● Task objective
The response should hold every record from the listing that follows, verbatim, and no pictures.
-*-
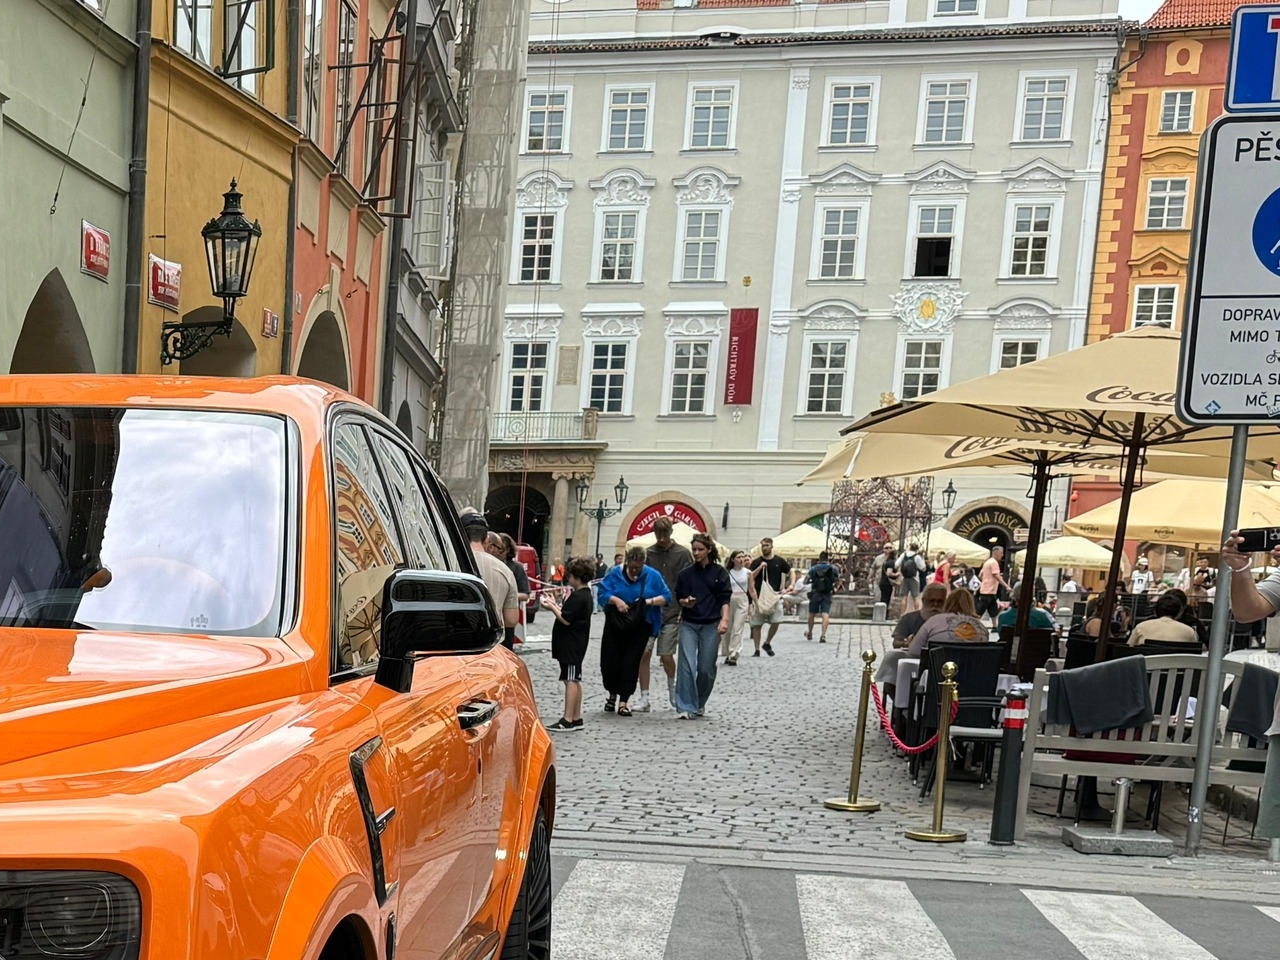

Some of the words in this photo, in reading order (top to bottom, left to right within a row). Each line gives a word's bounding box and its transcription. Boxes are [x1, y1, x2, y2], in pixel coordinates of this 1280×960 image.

[1229, 330, 1269, 342] MIMO
[1201, 373, 1263, 385] VOZIDLA
[1268, 373, 1280, 385] S
[1245, 391, 1268, 407] MČ
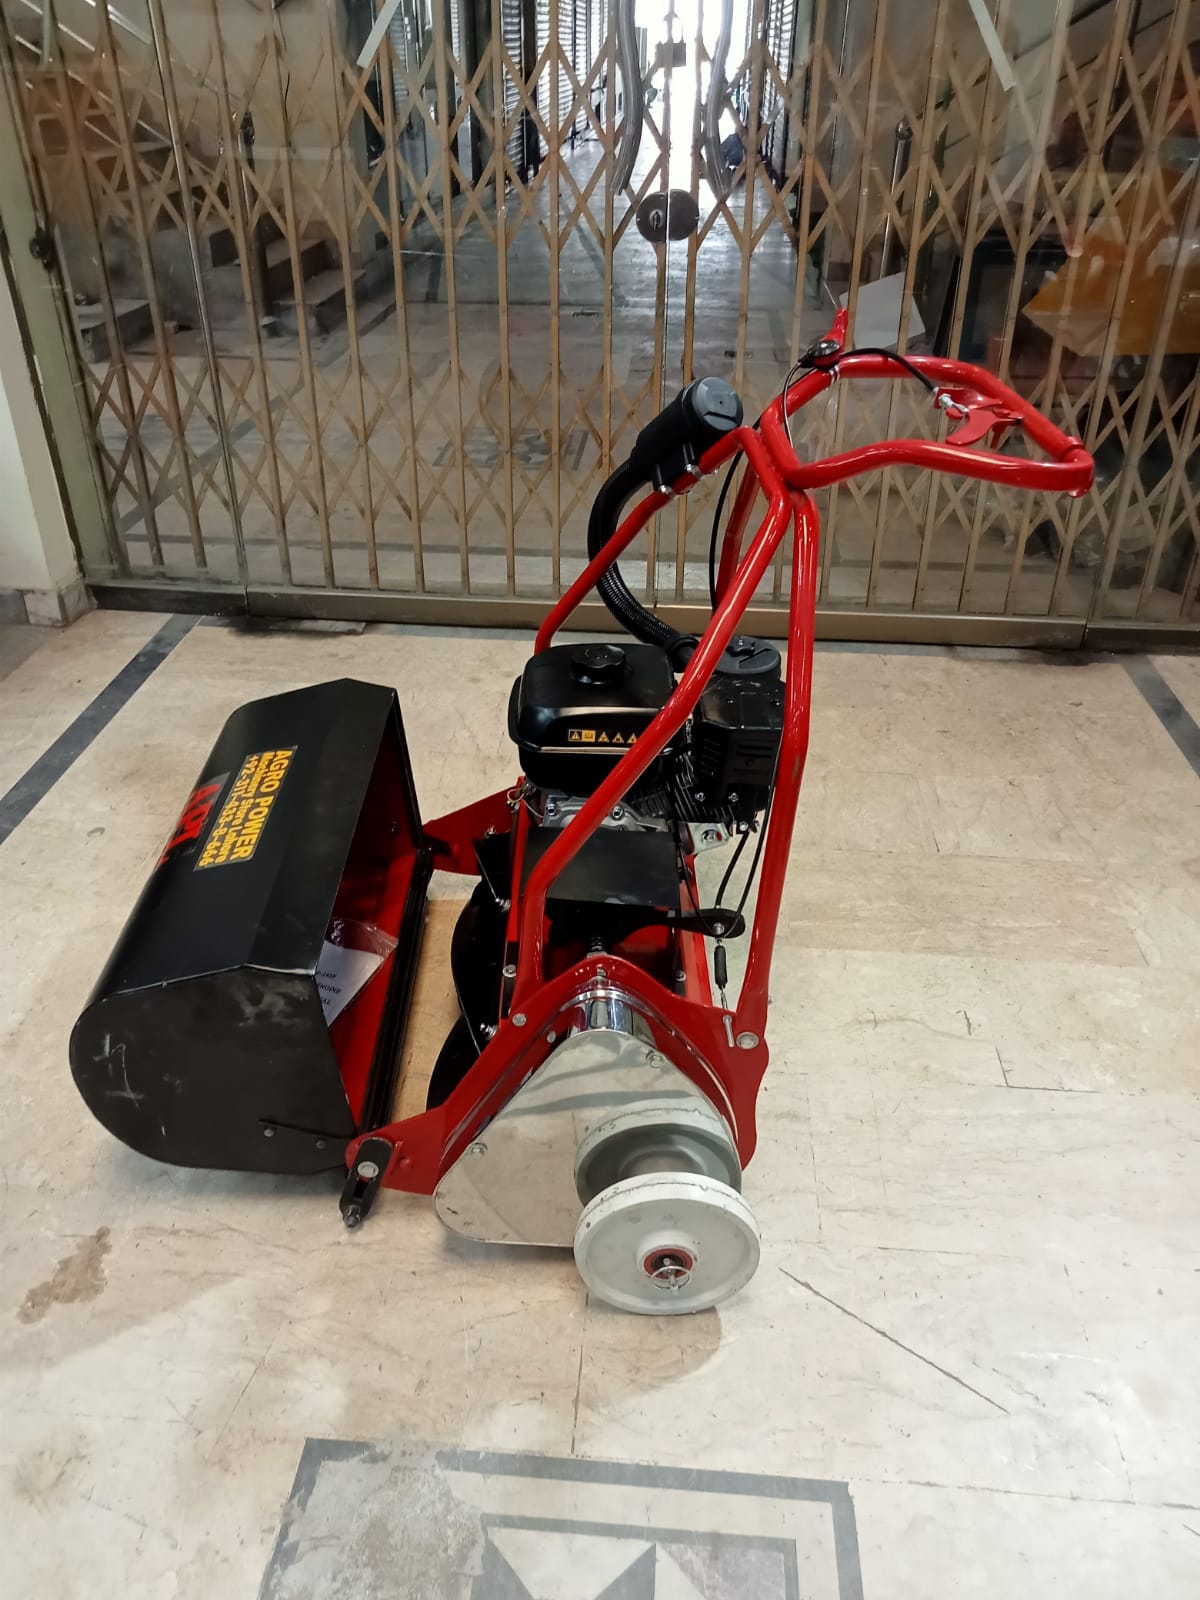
-*-
● Reply to the task
Some of the words in this photo, in reading order (top to bottom, left to right within a row). Each line gives a word's bounding box and its transcription. Boxes are [x1, y1, x2, y2], in pixel coordinates of this 1280×960 image.

[1229, 330, 1269, 342] MIMO
[1201, 373, 1263, 385] VOZIDLA
[1268, 373, 1280, 385] S
[1245, 391, 1268, 407] MČ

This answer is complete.